• PROBLEM DETAILS:
Could you write out every record below exactly, leaving the pictures out?

##########

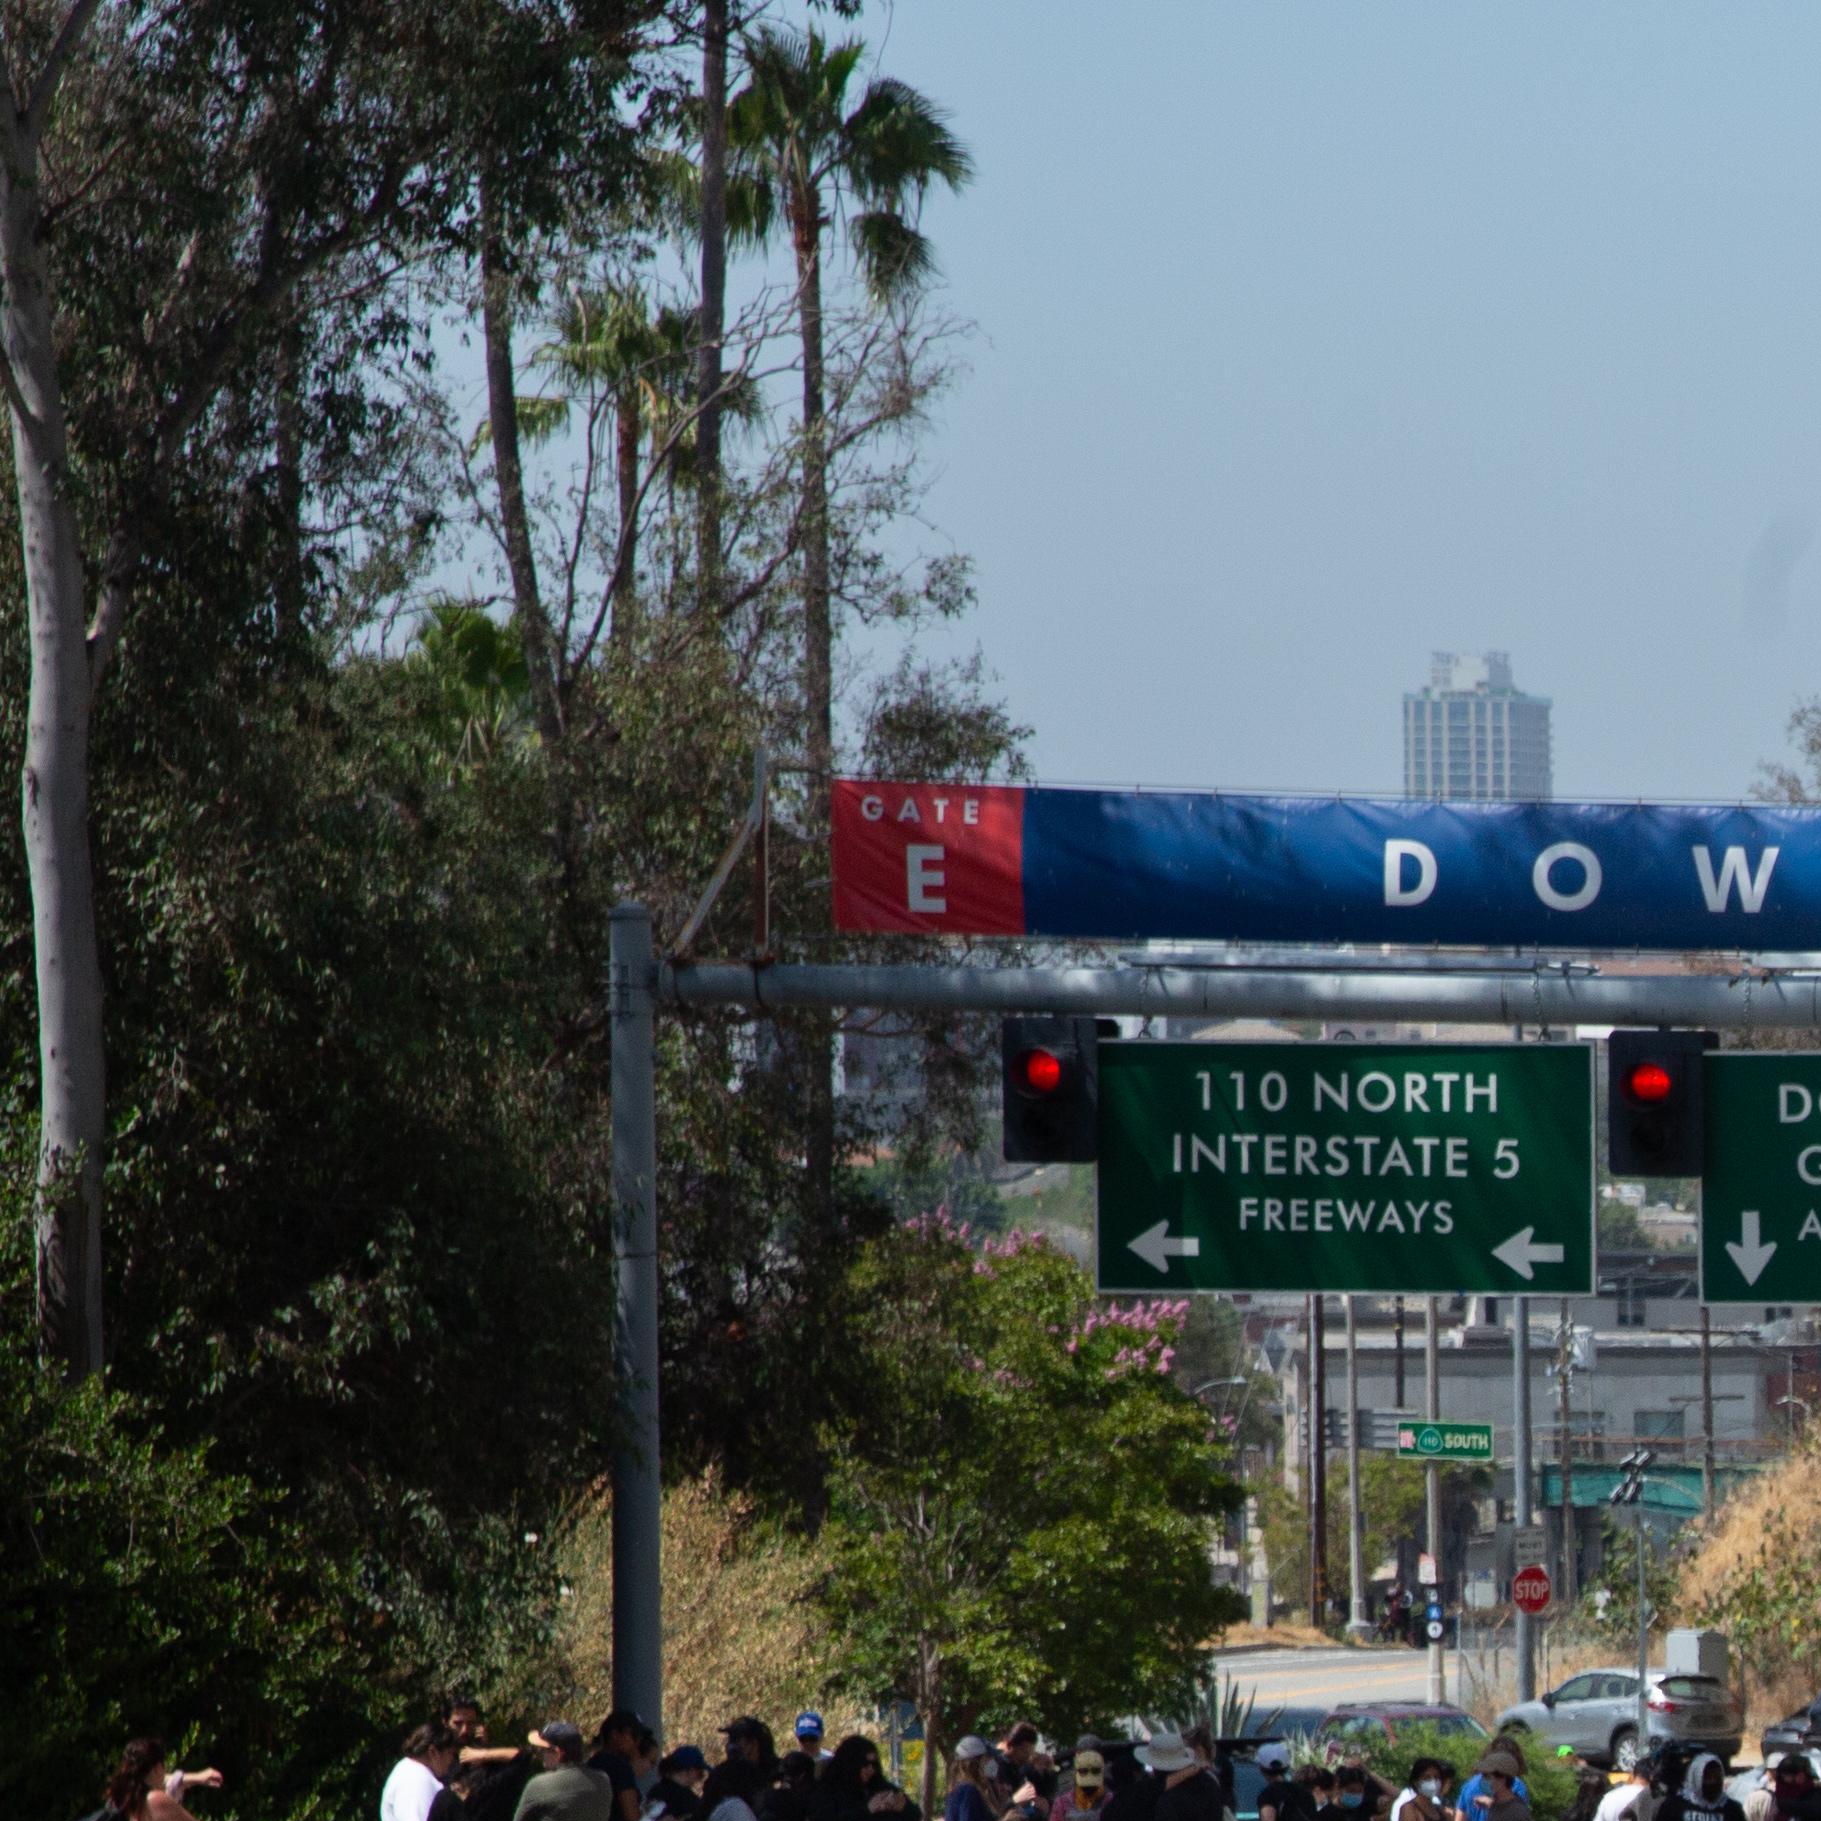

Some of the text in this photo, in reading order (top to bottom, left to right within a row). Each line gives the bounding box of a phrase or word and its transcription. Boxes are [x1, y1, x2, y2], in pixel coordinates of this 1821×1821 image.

[860, 795, 981, 826] GATE
[906, 843, 948, 914] E
[1195, 1070, 1499, 1114] 110 NORTH
[1171, 1132, 1521, 1181] INTERSTATE 5
[1238, 1197, 1455, 1237] FREEWAYS
[1444, 1432, 1489, 1450] SOUTH
[1515, 1580, 1549, 1600] STOP
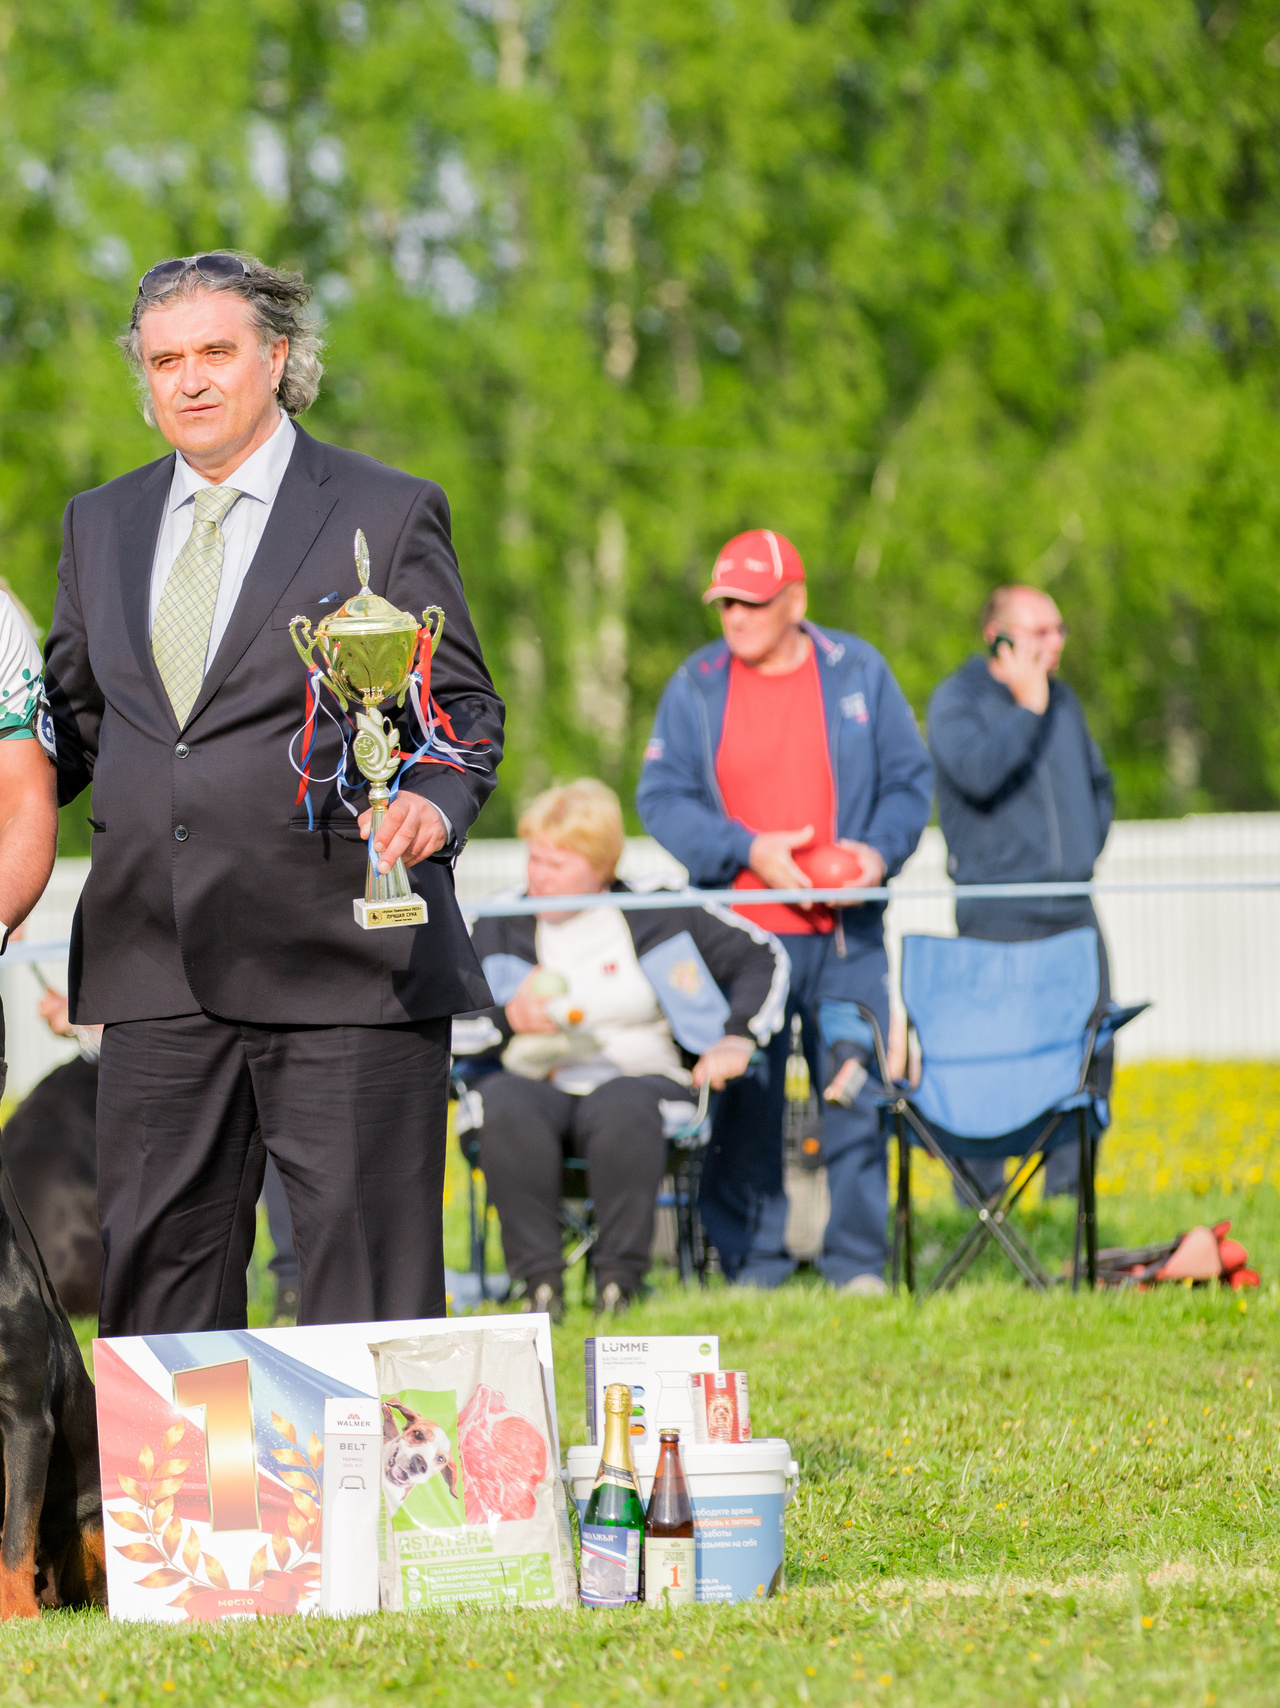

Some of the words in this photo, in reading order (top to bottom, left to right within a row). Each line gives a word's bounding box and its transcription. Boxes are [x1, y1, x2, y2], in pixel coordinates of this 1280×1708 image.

[171, 1356, 262, 1532] 1
[339, 1442, 367, 1451] BELT
[731, 1508, 754, 1516] время
[703, 1529, 732, 1538] заботы
[742, 1538, 758, 1547] себя
[446, 1572, 485, 1581] ВЗРОСЛЫХ
[670, 1563, 681, 1588] 1
[430, 1582, 464, 1590] КРУПНЫХ
[465, 1579, 490, 1587] ПОРОД
[535, 1587, 541, 1595] 3
[432, 1595, 439, 1603] С
[440, 1591, 493, 1603] ЯГНЕНКОМ

##########

• ANSWER FOR THE TASK:
Some of the text in this photo, in reading order (top to bottom, left to right within a row). Each line gives the bounding box of a phrase or word and its transcription. Boxes are [x1, y1, x2, y2], in pixel coordinates of this 1821×1821 image.

[860, 795, 981, 826] GATE
[906, 843, 948, 914] E
[1195, 1070, 1499, 1114] 110 NORTH
[1171, 1132, 1521, 1181] INTERSTATE 5
[1238, 1197, 1455, 1237] FREEWAYS
[1444, 1432, 1489, 1450] SOUTH
[1515, 1580, 1549, 1600] STOP

Some of the words in this photo, in reading order (top to bottom, left to right within a row). Each line gives a word's bounding box and its transcription. Boxes are [x1, y1, x2, y2], in pixel coordinates of this 1280×1708 image.

[171, 1356, 262, 1532] 1
[339, 1442, 367, 1451] BELT
[731, 1508, 754, 1516] время
[703, 1529, 732, 1538] заботы
[742, 1538, 758, 1547] себя
[446, 1572, 485, 1581] ВЗРОСЛЫХ
[670, 1563, 681, 1588] 1
[430, 1582, 464, 1590] КРУПНЫХ
[465, 1579, 490, 1587] ПОРОД
[535, 1587, 541, 1595] 3
[432, 1595, 439, 1603] С
[440, 1591, 493, 1603] ЯГНЕНКОМ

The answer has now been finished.